Analysis and Discussion
The examples clear show that it is possible to recreate a composition from field data alone. The modelling of the separation process accurately does affect the results, but as shown by the difference in the simulated and measured field data for Pasca A, provided the field data are thermodynamically consistent for that composition, the genetic algorithm will still converge to a result that is close to the reference composition.
Although the result obtained from the genetic algorithm is non-unique, when combined with a Monte Carlo technique, the approach provides a statistical range of uncertainty around each component, and the mean composition that is predicted is a good match to the actual reference compositions used in these examples.
Where no laboratory analysis is available to obtain a compositional breakdown, the new method can be used instead. This allows techniques only possible with knowledge of the composition to be used, including creation of consistent PVT black oil tables for reservoir simulation, or even application of compositional simulation should be required.
The use of a Monte Carlo technique to arrive at multiple solutions is an inherent benefit of the method; it is able to quantify a range of uncertainty around predictions. For analysis using field data, petroleum engineers have tended to use correlations, or estimate a composition using analogue datasets or a non-linear regression technique. These methods all produce a single predicted value.
The genetic algorithm combined with a Monte Carlo approach will produce a distribution for any predicted value. Thus rather than just predicting the bubble point, it will indicate the level of confidence in that prediction. This could potentially be used to validate measurements as it could identify inconsistencies in measured data. It can also help to provide a range of compositions for process simulation which would allow uncertainty in the fluid properties to be captured in the design process. Often a representative sample is chosen for design purposes and is defined the the basis of design. However, there are several reasons why that composition might have inaccuracies: the characterisation of the heavy fractions being notable here as the paraffinic, napthenic and aromatic content might be very different to that assumed by the laboratory in producing the mol% composition from the measured wt% composition.
Although the method appears to work well, this is still very much in an early stage of development. A few areas for improvement have been identified:
- Separation modelling: The test separation process that is simulated does not closely match the actual field data measurements for Pasca A. A more nuanced approach in comparison to the simple single flash for the separator and stock tank that is used to model the separator process is possibly required. To objective would be to obtain a better match between simulated test separation parameters and actual measured parameters.

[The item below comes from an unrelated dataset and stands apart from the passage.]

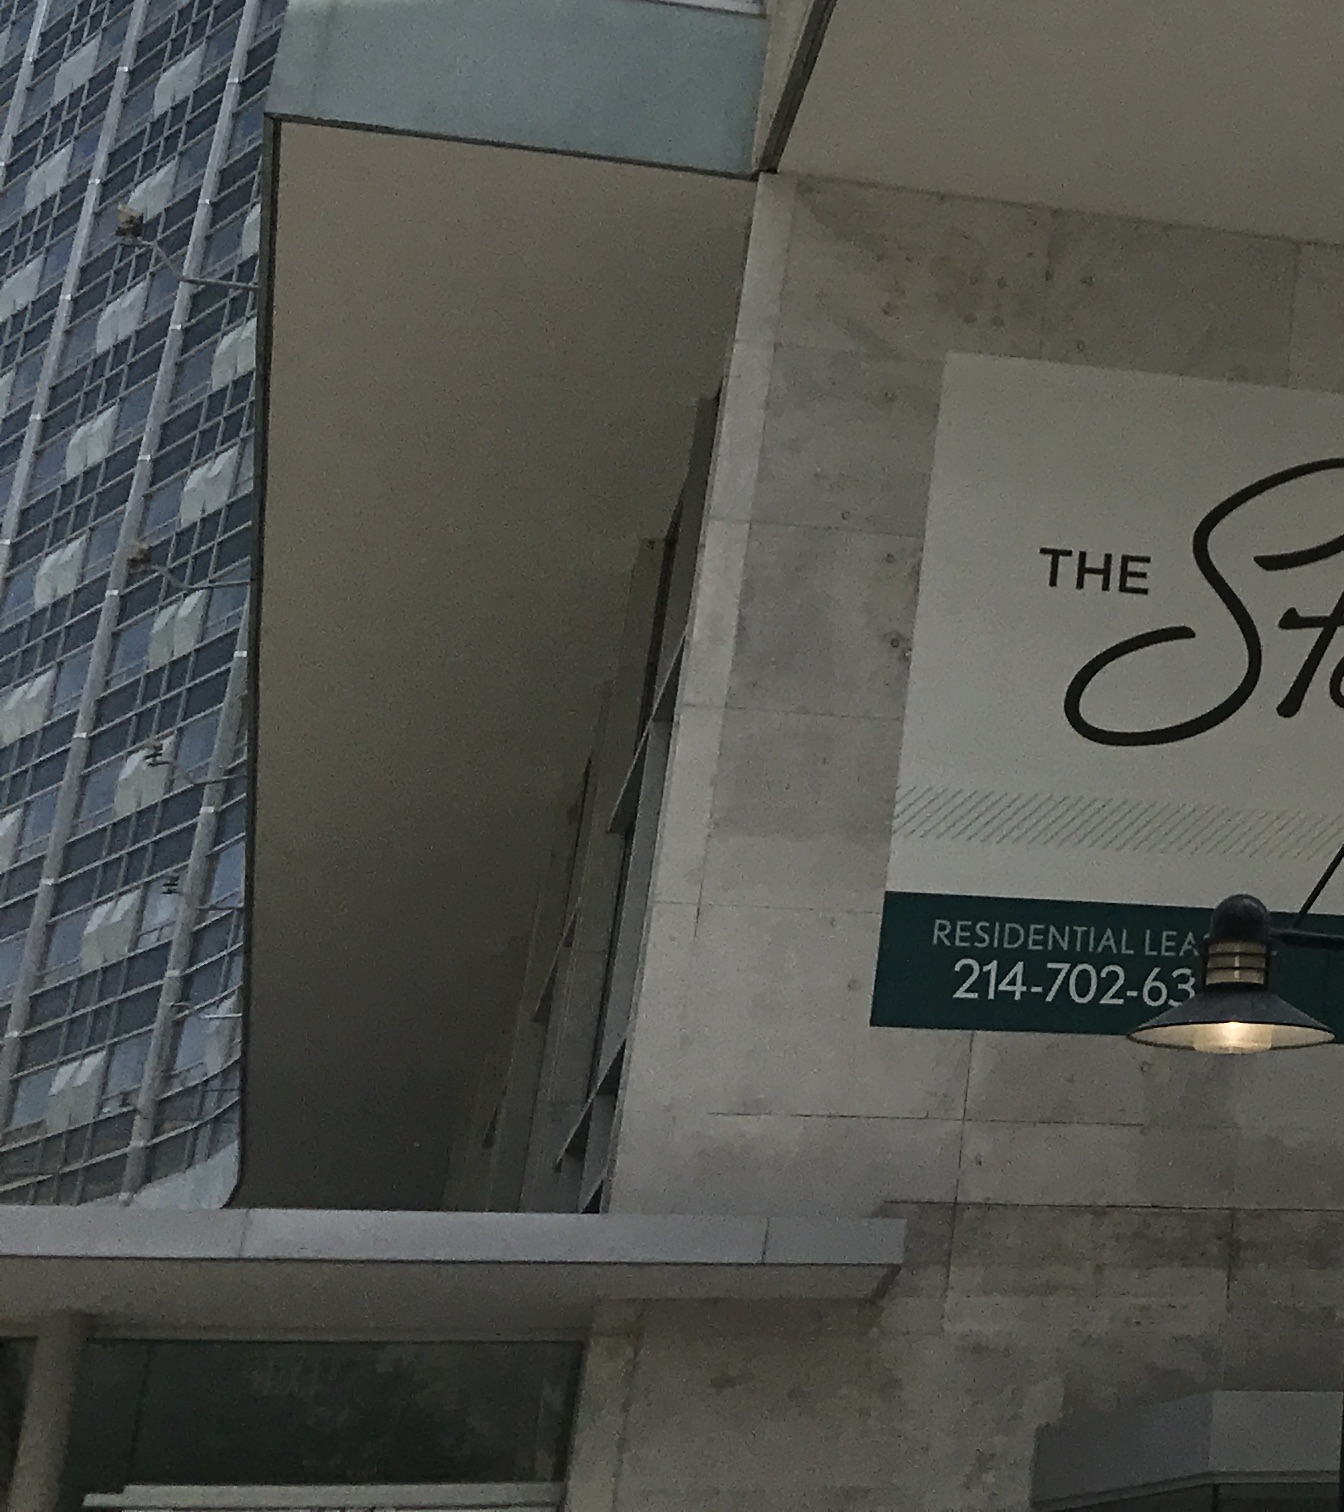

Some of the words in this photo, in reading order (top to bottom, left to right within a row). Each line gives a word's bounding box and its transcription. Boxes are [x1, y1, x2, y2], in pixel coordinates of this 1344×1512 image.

[1039, 546, 1152, 595] THE
[932, 918, 1135, 955] RESIDENTIAL
[952, 958, 1197, 1008] 214-702-63

- Genetic algorithm optimisation: The current implementation of the fitness function and population selection appears to work successfully to identify matching compositions. However, whilst running the algorithm can sometimes get stuck with a poor quality population and it can take time for better quality
MixtureOrganisms to emerge via mutation. Research into different genetic algorithm strategies and their implementation, including techniques such as elitism and speciation, might reveal more optimal approaches that can accelerate discovery of a fit solution. - GPU processing: The genetic algorithm and Monte Carlo technique is an inherently parallel calculation. Calculations for the fitness function on each
MixtureOrganismin the current generation’s population can be conducted in parallel, and furthermore each genetic algorithm result in a Monte Carlo simulation can also be run in parallel. The Pyrus code has been written to take advantage of parallelisation on the CPU. This could be extended to the GPU, much like with current AI workloads where the many parallel cores in GPUs are used to train neural nets.
Conclusion
A new method to generate a compositional breakdown from field separator measurements alone has been devised. The method is based on a genetic algorithm combined with a Monte Carlo approach, to estimate a best fit composition to the field data, in addition to a range of possible compositions.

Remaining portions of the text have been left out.